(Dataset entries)
-.-.-

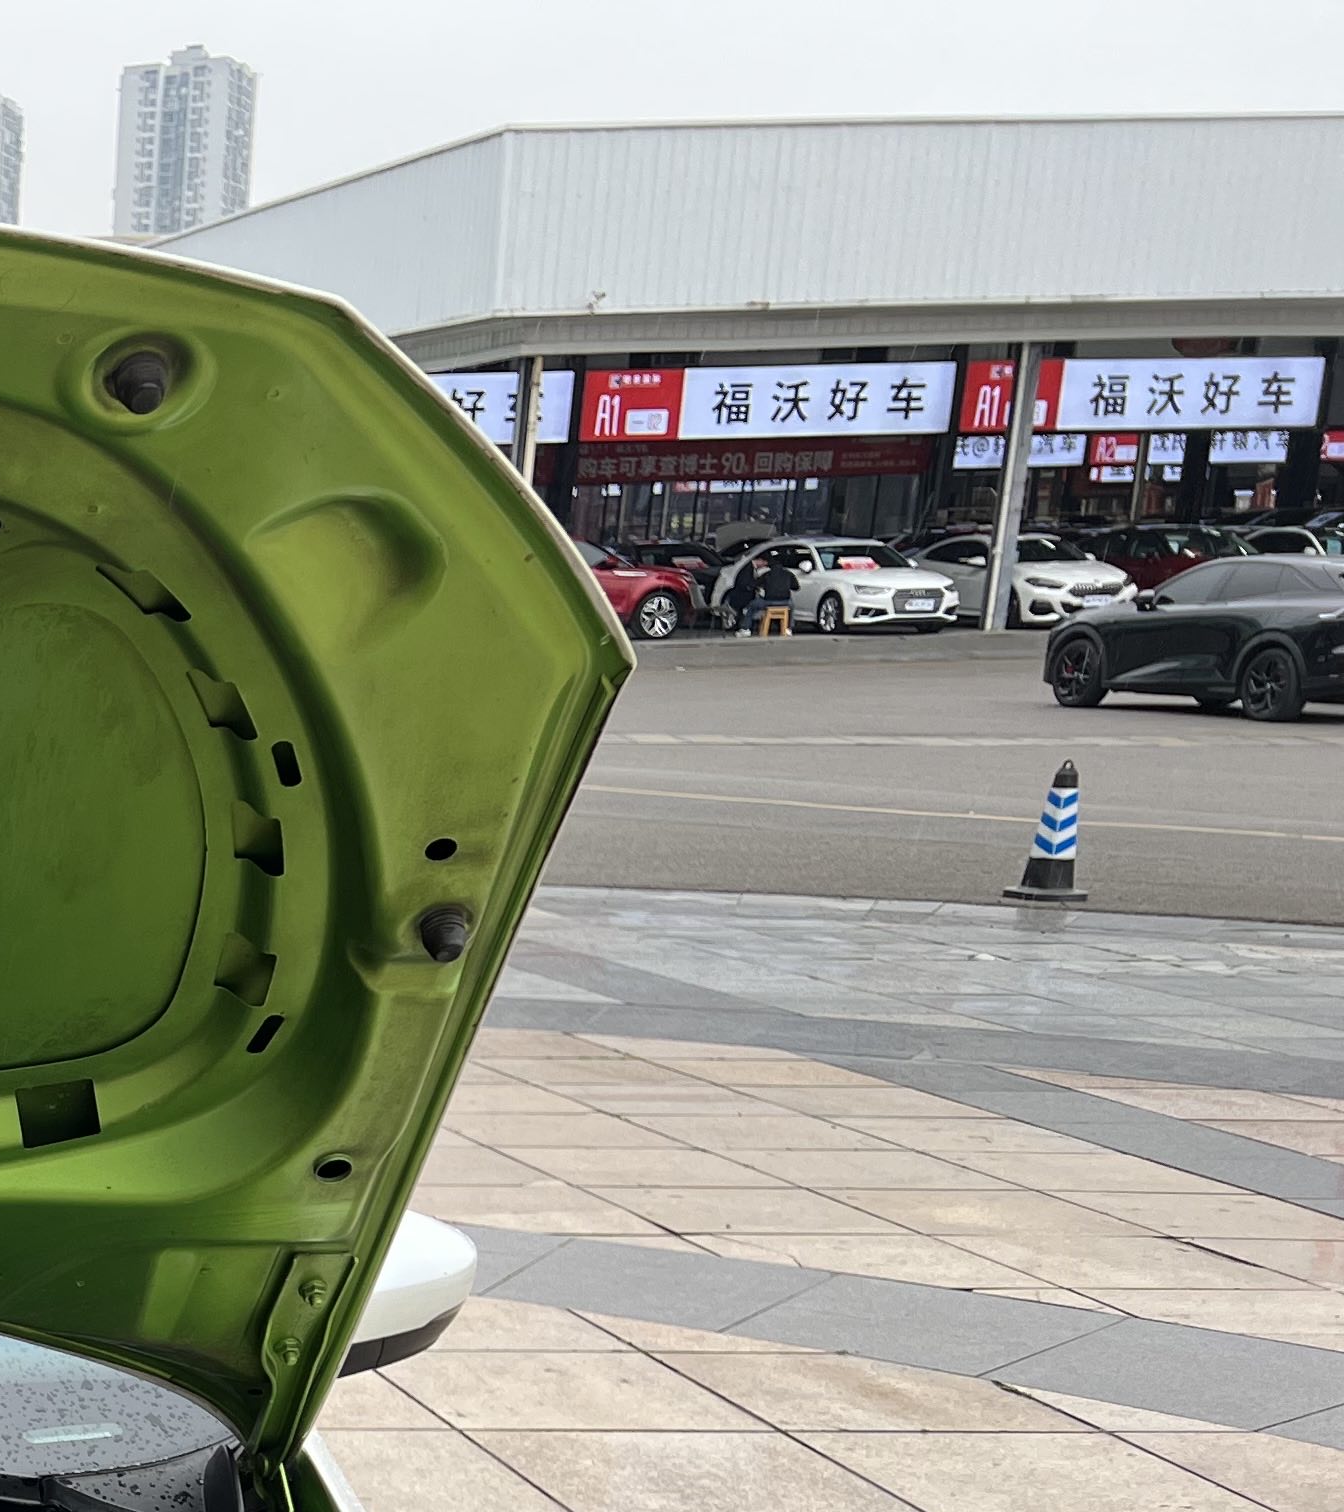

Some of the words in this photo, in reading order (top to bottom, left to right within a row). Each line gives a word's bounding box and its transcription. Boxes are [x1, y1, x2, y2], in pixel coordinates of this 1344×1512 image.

[594, 394, 621, 437] A1
[712, 376, 927, 425] 福沃好车
[973, 384, 1002, 429] A1
[1089, 371, 1296, 417] 福沃好车
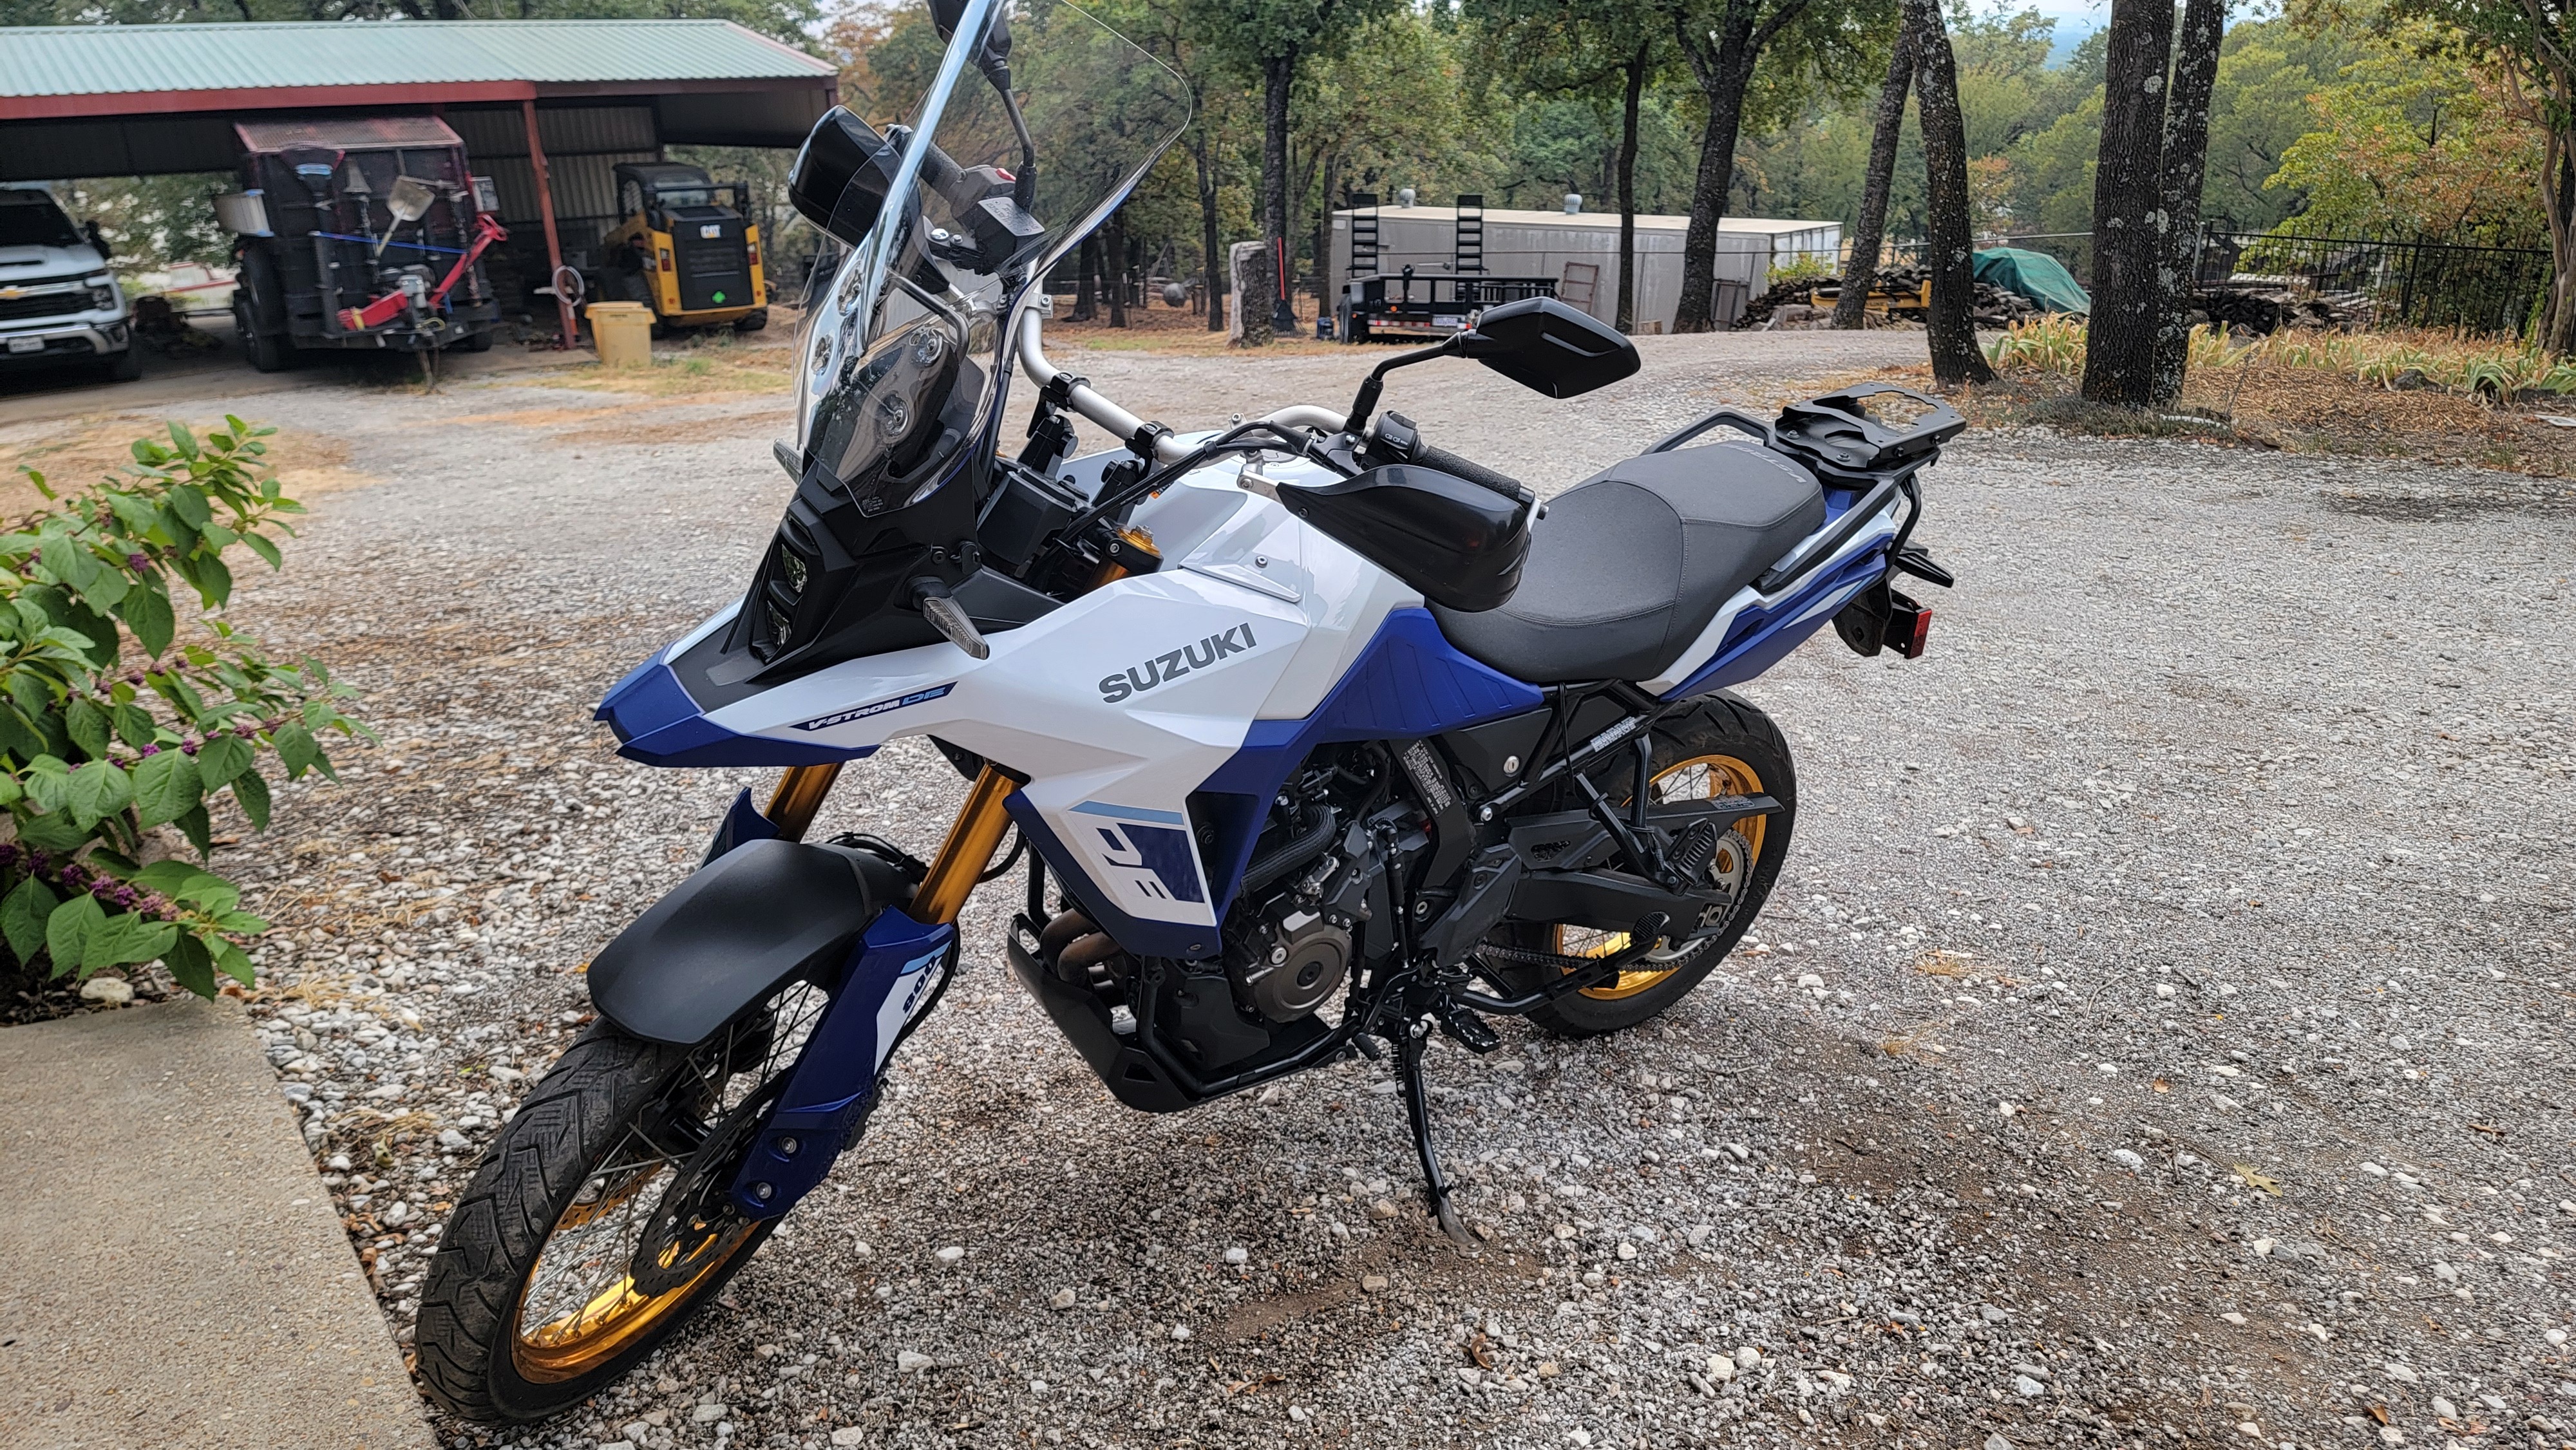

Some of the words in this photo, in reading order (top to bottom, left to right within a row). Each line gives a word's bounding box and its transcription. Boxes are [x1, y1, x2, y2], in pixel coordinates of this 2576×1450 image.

[1098, 622, 1257, 704] SUZUKI
[808, 699, 901, 730] V-STROM
[902, 955, 936, 1014] 800
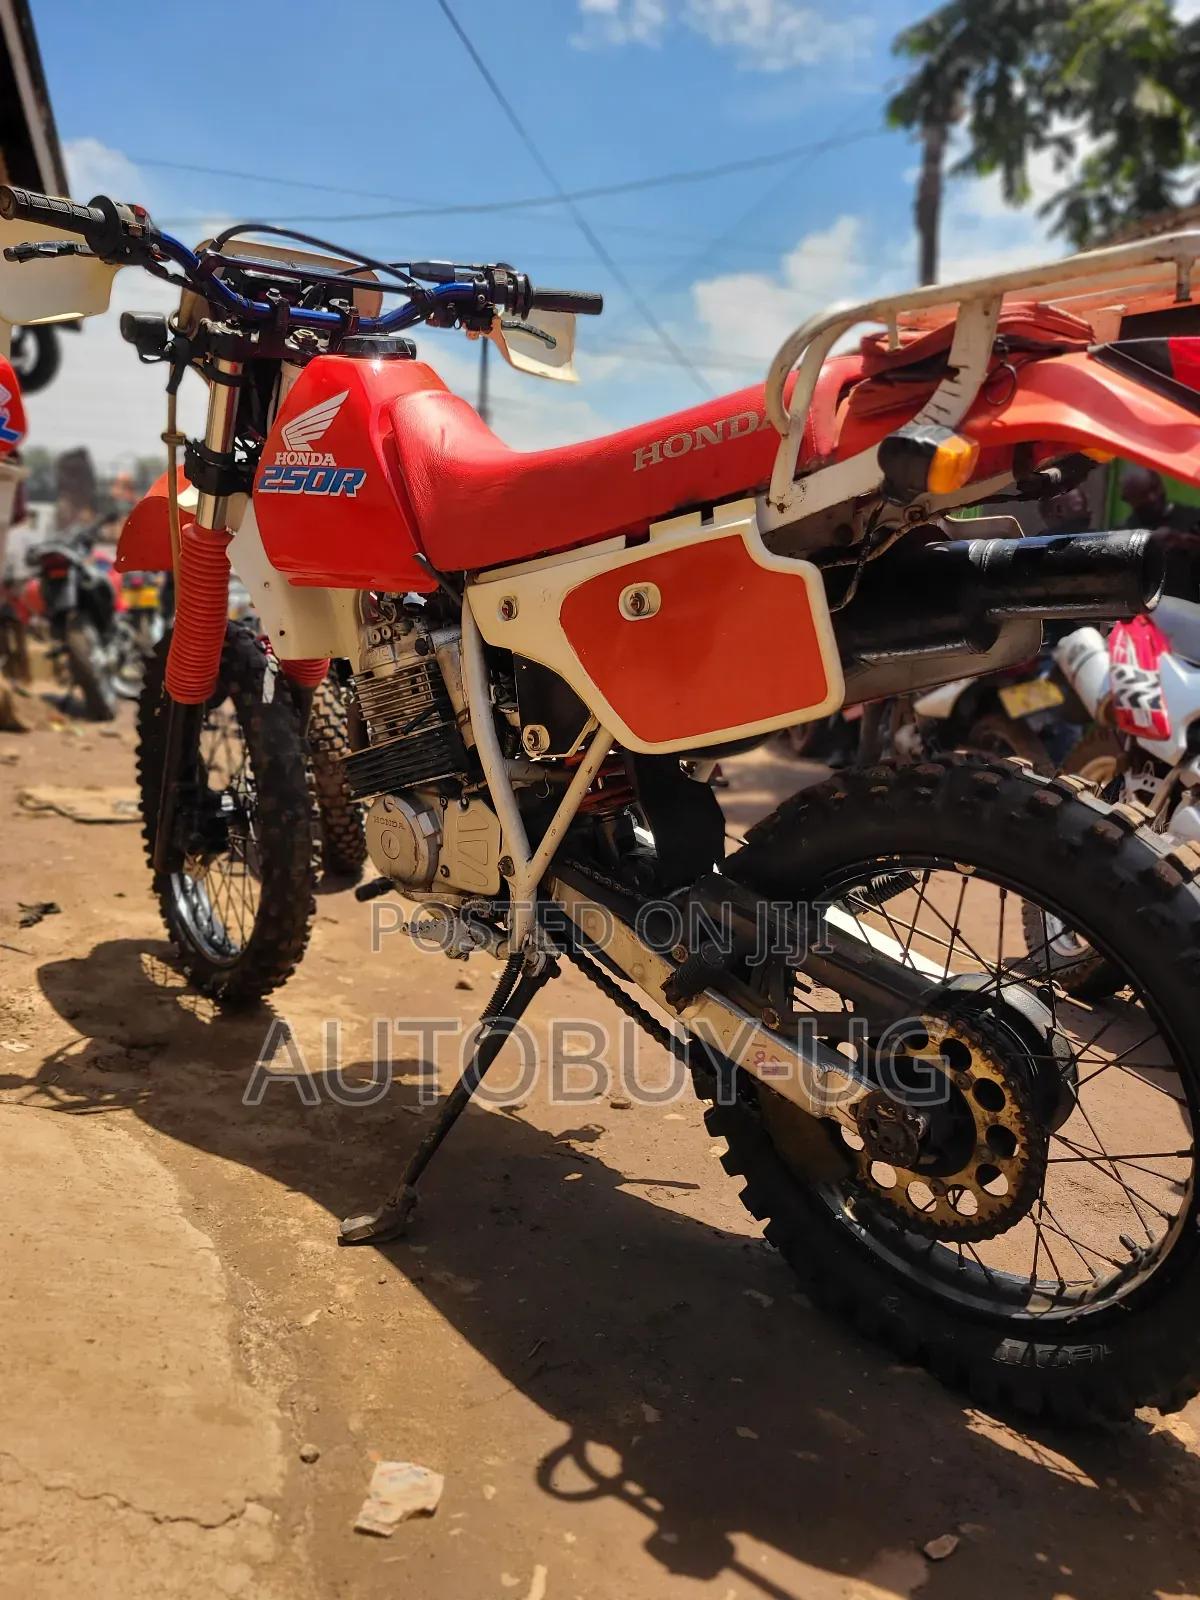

-.-.-

Each record above is to be copied out exactly; its pictures are not.

Some of the words in this photo, in reading order (top to bottom, left to right within a row). Each line gives a word's bounding box and its transcription. Boxes are [x1, y1, x2, y2], in pixel coordinates of this 1344×1512 image.

[594, 394, 621, 437] A1
[712, 376, 927, 425] 福沃好车
[973, 384, 1002, 429] A1
[1089, 371, 1296, 417] 福沃好车

Some of the words in this photo, in reading order (top to bottom, left to right within a row). Each line gives a word's bounding box and its transcription. Boxes are [x1, y1, x2, y2], in pixel coordinates of this 2576×1450 image.

[1098, 622, 1257, 704] SUZUKI
[808, 699, 901, 730] V-STROM
[902, 955, 936, 1014] 800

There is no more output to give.